As Mark Sisson notes, we don't really know what causes DOMS physiologically:

[D]espite its ubiquity, science still hasn’t been able to nail down the precise cause of DOMS. That hasn’t stopped several popular theories from circulating.... One is that lactic acid is to blame.... Lactic acid has nothing to do with DOMS.

Another popular notion is that DOMS occurs because intense exercise breaks down your muscle fibers: you tear the muscle fibers apart with resistance training and they respond by coming back stronger than ever. The pain, then, comes with breaking down and rebuilding muscle fibers. Either that or it’s inflammation. Or it’s increased pressure on your nerves as a result of expanding muscle.
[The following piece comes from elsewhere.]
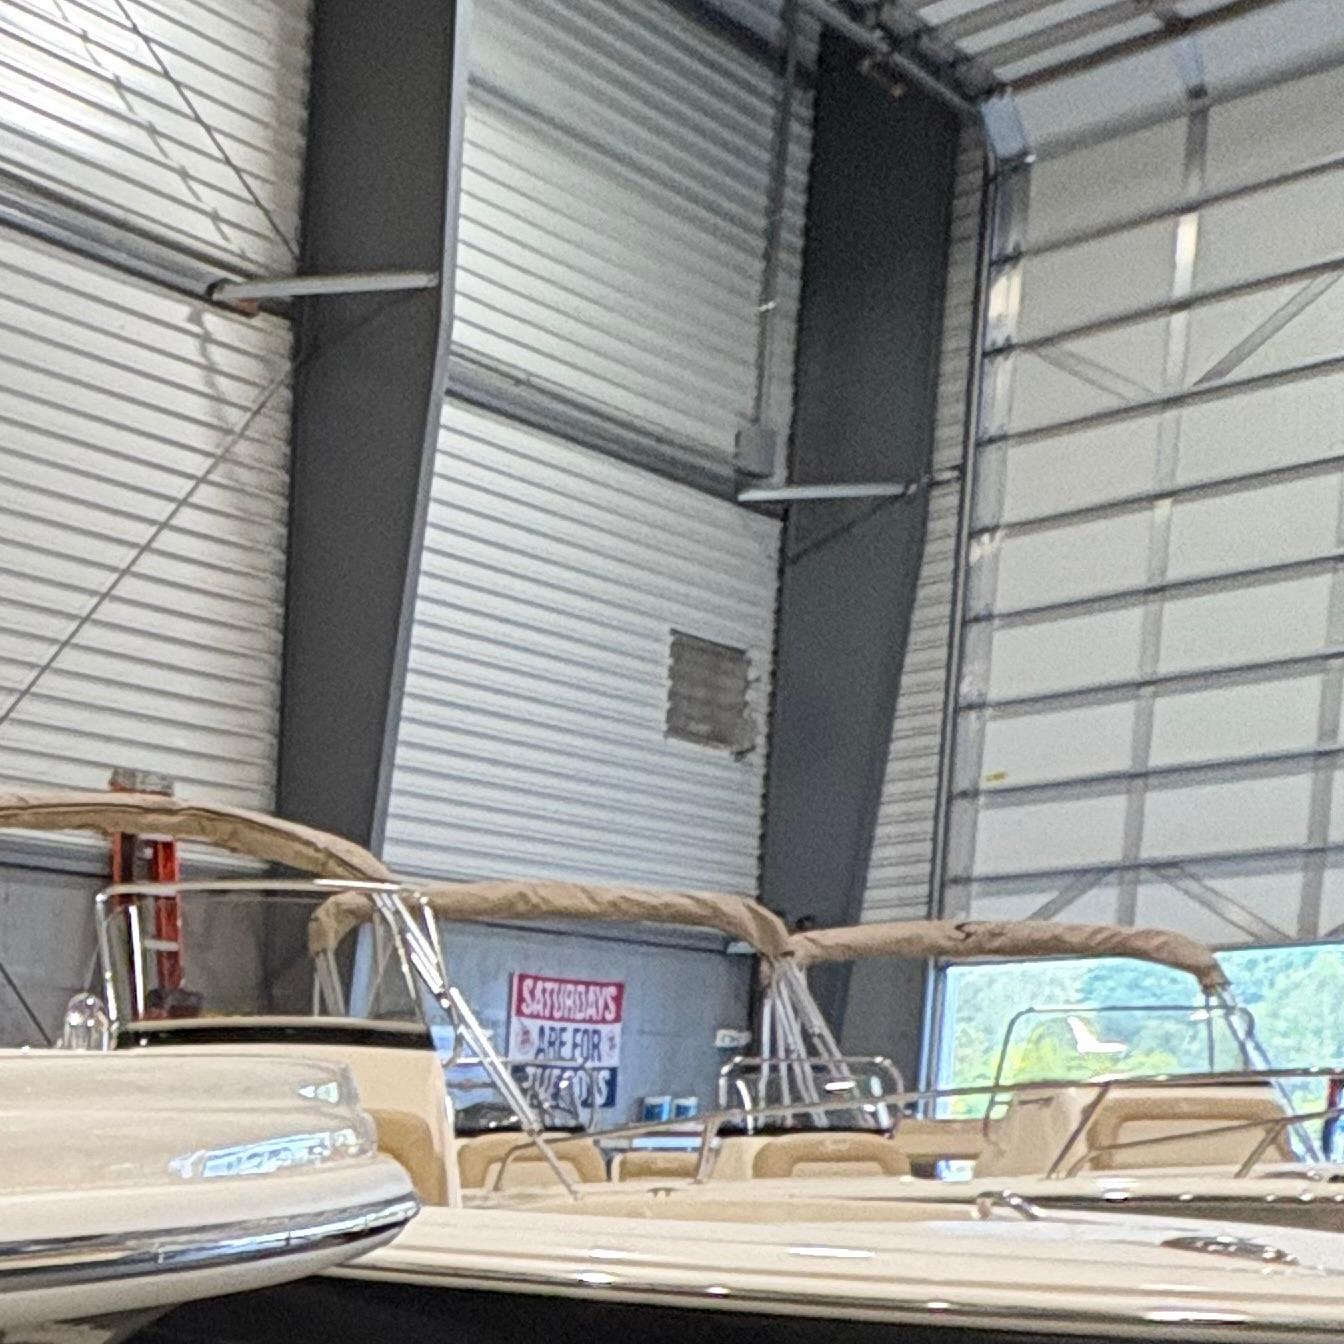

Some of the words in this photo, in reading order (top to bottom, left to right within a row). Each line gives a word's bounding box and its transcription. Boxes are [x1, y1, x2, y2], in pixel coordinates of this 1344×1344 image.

There are a ton of possibilities thrown out there, and they all sound vaguely plausible, but the science is still murky. Whatever the cause, we do know that it can’t be neatly explained by a single factor. This article approaches DOMS by examining various research studies in an attempt to figure out the mystery, but the basic conclusion seems to be “DOMS simply is” (as if Descartes were a sports medicine physician).

However:

It has been firmly established that a certain type of exercise – eccentric contraction – is more likely to cause DOMS. Eccentric contractions include walking downstairs, running downhill, and negative movements when weight training (lowering weights in a controlled motion, as opposed to letting gravity take over).